РОДИНОВЕДЕНИЕ АНАТОЛИЯ ОМЕЛЬЧУКА
Мои детство и юность прошли рядом с библиотекой на улице Урицкого (сейчас им. Ю. Осипова). Напротив больших хозяйственных ворот детского дома находился Дом Фонвизиных, в котором и располагалась библиотека. И мы, босоногие, бегали наверх по крутой лестнице с крашеными ступеньками и до блеска отполированными перилами.
Там, в мансарде, приютилось детское отделение. Его заведующая миниатюрная Вера Александровна всегда была с нами приветлива. И, не обращая внимание на грязные ноги, непременно просила мыть руки, так как угощала фруктовым чаем. К чаю подавался белый хлеб, намазанный маслом и посыпанный сахаром.
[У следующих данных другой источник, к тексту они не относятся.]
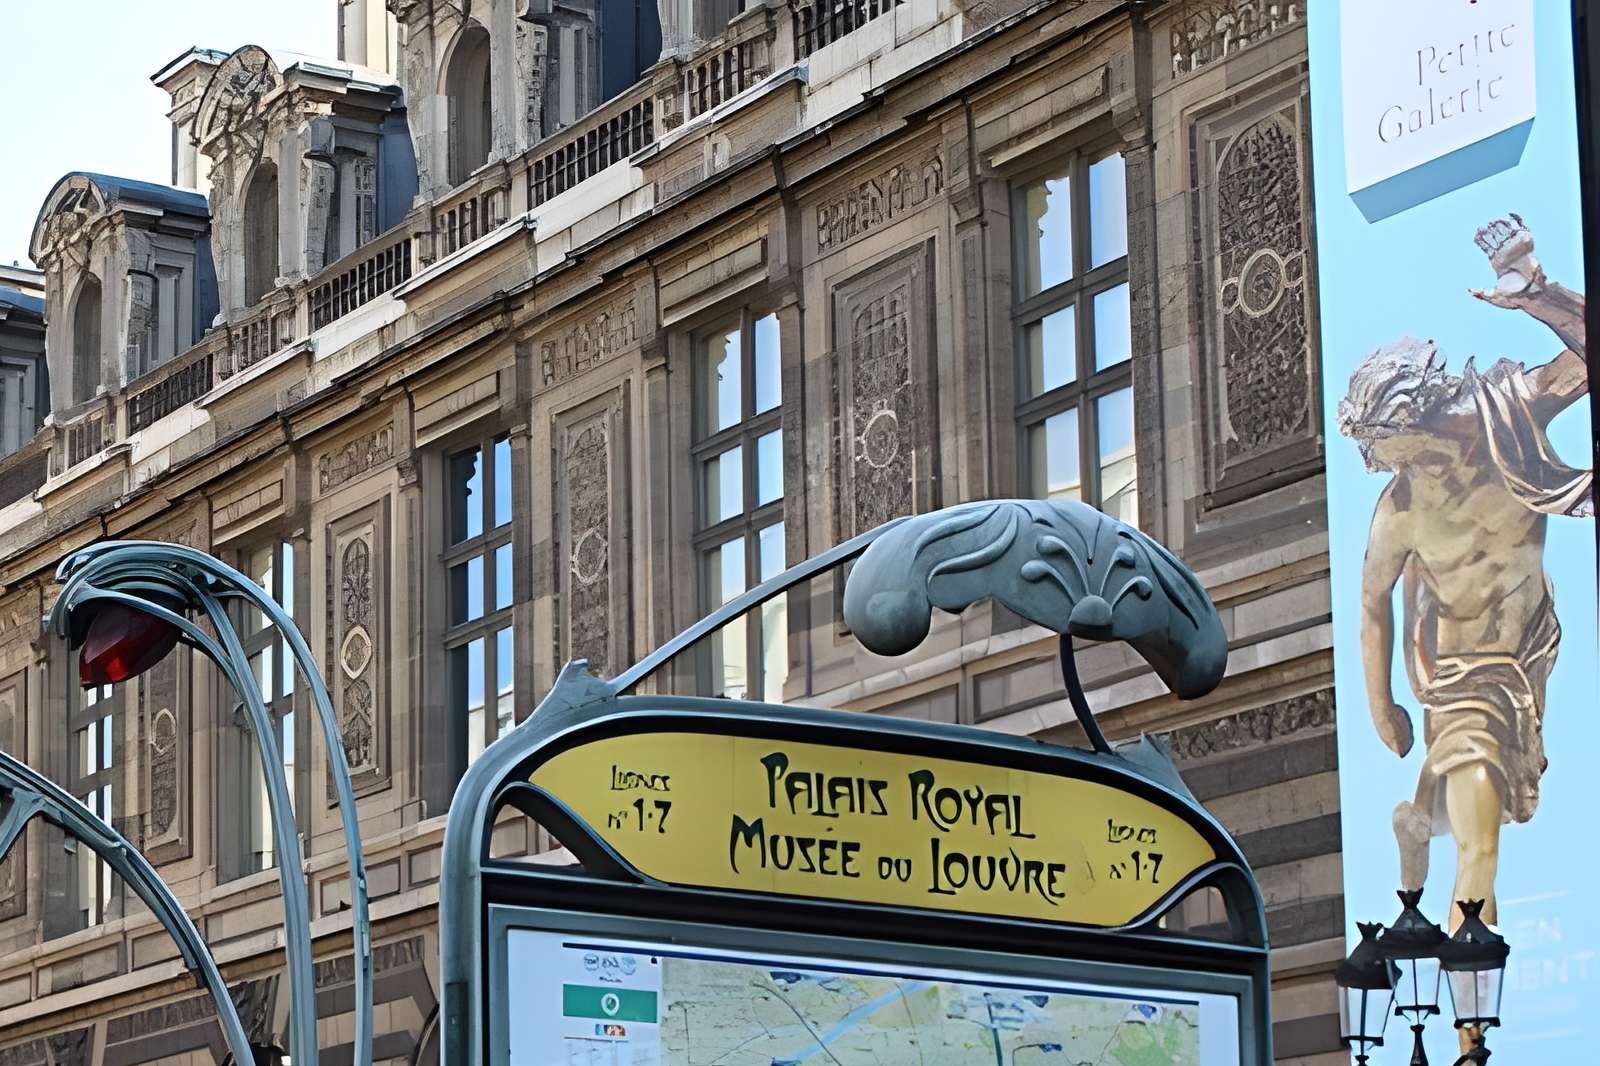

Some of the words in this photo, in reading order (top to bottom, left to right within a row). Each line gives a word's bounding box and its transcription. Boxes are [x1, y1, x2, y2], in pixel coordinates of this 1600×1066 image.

И пока мы, болтая чёрными пятками, уплетали вкуснейшие бутерброды, Вера Александровна читала нам книжки с картинками про животных: Пришвина, Паустовского, Бианки, Джека Лондона...
Более верного и надежного друга, чем книги, у нас, пацанов, тогда не было. До школы было ещё далеко, и читать пока не мечталось. Фамилии писателей для нас тогда тоже ничего не значили – мы были уверены, что эти книжки написала сама Вера Александровна. Кстати, уже позже, в школе, познакомившись с историей декабристов, мы почему-то свято верили, что Вера Александровна тоже декабристка, что она родственница Фонвизиных. И нам казалось несправедливым, что всех жен декабристов считали самоотверженными героинями, а про Веру Александровну – ни слова.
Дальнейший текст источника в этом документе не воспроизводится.